The Great Recession is in the rearview mirror and the unemployment rate has largely regained its footing, but America’s labor market will never be quite the same as it was before 2008. It’s undergone significant – and permanent – changes in the past decade, as companies continually face pressure to be more efficient, save money and boost their bottom lines.
This overarching push to increase output and minimize cost has led to the rise of the flexible workforce, with temporary labor, project-based services and independent contractors now the norm. Some of the industry’s largest companies spend billions of dollars each year on their flexible labor alone. According to research from Deloitte, 42 percent of business executives expect to increase or significantly increase the use of contingent workers in the next three to five years.
At the same time, more and more workers are embracing freelance opportunities – 36 percent of the U.S. workforce, finds an October 2017 survey from Upwork and the Freelancers Union. While many land months-long projects, others bounce from client to client more frequently. In the last few years, the gig economy has redefined the notion of work even further. Today workers can access opportunities that last just one shift, one ride or even one five-minute errand, with companies like Shiftgig, Uber and TaskRabbit.
This seismic shift in the way we think about work has forced companies to adjust their hiring practices. This means talent management companies – from RPOs to MSPs to staffing firms, and everyone in between – must adjust as well. How are providers in both the recruiting and staffing ecosystems navigating these changes and responding to new client workforce needs?
How Companies are Responding
In the current market, companies have a wide variety of needs when it comes to talent, as they’re hiring across the whole spectrum of roles – full time, part time, interns, temporary, contract, freelance, hourly, etc. At the same time, they want to consolidate the number of vendors they work with, and they want their providers to be more all encompassing. Many large corporations can be working with dozens of staffing firms simultaneously, which can be cost prohibitive and difficult to manage.
It’s also common for both HR and Procurement to own different pieces of the workforce puzzle. While many forward-thinking companies bridge this gap by forging strong partnerships, others still very much manage employees and flexible labor in silos.
How Providers are Responding
This has led to increasingly blurred lines between different recruiting and sourcing solutions, as they all seek to increase their share of the workforce under management. Now, we’re seeing Recruitment Process Outsourcing (RPO) companies start to offer various contingent hiring services, and traditional Managed Service Providers (MSPs) are seeking out opportunities for RPO work.
More Services = Improved Margins
In addition to pressure from the companies they service to offer more varied solutions, talent management organizations themselves are seeing the business benefits. The long-standing wall between employee and non-employee management is coming down.
With margins much tighter on the staffing side of the house, firms are learning that quantity isn’t going to scale their business effectively. This means they must look to offer other services that have better margins, like for example, RPO.
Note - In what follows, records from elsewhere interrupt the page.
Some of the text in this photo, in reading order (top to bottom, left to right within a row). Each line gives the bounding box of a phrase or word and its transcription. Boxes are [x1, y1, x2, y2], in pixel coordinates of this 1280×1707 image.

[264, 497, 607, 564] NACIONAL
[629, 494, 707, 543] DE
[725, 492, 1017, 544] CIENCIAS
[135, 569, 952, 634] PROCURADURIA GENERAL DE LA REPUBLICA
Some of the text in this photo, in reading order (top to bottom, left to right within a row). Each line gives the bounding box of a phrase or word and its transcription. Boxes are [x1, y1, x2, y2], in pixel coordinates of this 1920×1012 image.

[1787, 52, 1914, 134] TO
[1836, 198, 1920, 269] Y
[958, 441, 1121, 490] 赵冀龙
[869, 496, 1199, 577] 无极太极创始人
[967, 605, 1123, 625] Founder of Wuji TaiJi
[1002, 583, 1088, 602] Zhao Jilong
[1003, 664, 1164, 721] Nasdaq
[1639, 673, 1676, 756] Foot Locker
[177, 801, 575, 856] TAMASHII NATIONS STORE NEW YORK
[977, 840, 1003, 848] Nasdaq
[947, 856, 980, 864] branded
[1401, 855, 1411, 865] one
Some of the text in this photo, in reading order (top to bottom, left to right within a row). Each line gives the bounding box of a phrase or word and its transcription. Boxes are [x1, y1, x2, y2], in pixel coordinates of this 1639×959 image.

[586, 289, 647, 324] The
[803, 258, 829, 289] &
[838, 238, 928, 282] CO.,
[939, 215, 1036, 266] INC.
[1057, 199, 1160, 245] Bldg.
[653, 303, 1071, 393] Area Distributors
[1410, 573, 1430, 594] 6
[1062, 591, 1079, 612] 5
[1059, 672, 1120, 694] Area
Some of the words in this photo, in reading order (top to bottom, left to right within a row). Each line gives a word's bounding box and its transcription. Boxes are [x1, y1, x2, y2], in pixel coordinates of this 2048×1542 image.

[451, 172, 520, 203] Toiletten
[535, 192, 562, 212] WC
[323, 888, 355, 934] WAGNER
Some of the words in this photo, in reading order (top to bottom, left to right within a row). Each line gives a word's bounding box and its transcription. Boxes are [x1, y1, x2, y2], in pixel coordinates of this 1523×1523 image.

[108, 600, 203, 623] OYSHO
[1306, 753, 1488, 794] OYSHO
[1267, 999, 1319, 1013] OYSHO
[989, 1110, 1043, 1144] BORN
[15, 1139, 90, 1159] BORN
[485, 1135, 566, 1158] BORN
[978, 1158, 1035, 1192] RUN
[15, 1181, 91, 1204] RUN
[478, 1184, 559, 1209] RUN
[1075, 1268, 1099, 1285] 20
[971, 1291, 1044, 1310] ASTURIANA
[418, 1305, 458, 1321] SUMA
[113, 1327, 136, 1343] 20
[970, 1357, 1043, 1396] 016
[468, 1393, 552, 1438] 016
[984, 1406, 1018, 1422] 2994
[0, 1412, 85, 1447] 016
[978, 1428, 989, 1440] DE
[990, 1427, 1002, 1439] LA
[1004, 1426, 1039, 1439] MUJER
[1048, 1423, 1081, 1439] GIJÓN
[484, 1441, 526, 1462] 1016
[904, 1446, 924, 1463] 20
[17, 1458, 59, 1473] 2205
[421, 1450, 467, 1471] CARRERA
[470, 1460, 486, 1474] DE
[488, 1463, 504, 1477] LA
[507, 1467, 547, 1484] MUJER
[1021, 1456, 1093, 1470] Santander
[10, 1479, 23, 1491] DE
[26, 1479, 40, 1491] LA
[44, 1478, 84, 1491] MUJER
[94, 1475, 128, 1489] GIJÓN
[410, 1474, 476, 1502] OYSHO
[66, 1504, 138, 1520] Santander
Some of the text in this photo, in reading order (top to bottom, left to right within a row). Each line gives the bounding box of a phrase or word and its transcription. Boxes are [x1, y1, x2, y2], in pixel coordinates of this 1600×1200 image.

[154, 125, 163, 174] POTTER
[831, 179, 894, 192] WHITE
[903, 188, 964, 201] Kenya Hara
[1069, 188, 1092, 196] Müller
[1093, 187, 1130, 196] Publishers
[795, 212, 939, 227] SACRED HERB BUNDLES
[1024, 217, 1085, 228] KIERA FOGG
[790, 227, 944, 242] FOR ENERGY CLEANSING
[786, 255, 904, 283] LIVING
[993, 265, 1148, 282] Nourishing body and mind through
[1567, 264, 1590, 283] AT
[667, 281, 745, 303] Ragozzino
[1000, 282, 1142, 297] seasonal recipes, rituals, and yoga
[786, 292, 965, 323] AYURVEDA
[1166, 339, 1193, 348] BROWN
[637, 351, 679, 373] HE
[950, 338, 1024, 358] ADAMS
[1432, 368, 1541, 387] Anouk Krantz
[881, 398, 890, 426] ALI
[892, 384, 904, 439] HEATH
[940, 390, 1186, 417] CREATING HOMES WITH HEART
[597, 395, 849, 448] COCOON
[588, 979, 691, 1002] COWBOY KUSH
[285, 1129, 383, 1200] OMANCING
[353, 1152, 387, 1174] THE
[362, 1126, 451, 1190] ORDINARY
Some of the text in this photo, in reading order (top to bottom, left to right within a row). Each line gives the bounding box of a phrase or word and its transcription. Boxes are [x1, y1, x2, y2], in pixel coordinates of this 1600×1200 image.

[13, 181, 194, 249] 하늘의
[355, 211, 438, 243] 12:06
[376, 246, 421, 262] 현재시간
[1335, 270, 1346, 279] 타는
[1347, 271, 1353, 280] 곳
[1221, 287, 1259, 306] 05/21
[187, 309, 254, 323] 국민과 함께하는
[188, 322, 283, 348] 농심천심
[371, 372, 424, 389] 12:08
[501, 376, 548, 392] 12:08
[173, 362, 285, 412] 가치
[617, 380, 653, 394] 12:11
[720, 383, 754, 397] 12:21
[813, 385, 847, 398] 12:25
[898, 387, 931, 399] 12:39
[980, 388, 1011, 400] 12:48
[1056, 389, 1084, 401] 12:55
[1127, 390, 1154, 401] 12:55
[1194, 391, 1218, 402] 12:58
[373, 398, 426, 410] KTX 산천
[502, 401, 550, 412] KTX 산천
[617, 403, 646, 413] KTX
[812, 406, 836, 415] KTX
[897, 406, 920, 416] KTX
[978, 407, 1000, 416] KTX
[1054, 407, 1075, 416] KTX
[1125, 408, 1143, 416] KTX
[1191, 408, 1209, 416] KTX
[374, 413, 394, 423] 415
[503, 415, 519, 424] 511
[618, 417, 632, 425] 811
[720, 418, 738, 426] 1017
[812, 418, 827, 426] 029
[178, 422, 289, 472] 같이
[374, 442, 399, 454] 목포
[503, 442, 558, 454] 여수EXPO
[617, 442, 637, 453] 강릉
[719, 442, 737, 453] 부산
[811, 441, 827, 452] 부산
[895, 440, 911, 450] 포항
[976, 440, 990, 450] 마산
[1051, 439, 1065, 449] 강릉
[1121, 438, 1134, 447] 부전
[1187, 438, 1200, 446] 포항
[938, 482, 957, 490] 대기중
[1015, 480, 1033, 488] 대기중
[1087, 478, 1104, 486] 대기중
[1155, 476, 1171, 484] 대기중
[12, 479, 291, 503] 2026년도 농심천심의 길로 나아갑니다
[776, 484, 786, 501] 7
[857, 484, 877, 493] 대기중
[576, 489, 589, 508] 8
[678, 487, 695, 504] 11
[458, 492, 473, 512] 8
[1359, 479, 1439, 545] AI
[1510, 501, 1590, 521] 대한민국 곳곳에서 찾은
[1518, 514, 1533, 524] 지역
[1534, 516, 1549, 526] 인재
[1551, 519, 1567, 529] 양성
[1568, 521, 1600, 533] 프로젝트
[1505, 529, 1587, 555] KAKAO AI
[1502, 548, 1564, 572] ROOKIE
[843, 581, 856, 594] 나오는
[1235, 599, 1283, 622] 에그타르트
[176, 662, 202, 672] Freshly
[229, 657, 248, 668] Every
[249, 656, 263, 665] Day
While all of this is happening, companies also need to have a better understanding of the types of workers they truly need, which opens to the door to a new type of consulting services, or what some are calling “talent advisors.” In “The Future of Recruiting – The Talent Advisor Model Dominates,” in ERE, Dr. John Sullivan shares the growing importance of these talent experts, with their primary goal being to tie talent strategy to specific business outcomes. Firms needing to diversity and raise their capabilities are likely to offer this type of service more and more.
A constantly changing workforce is something we can expect in the years to come. There’s likely even more to come as automation and AI start to impact how companies function, the talent needed to succeed, and the ways that recruitment and staffing firms work to deliver that talent.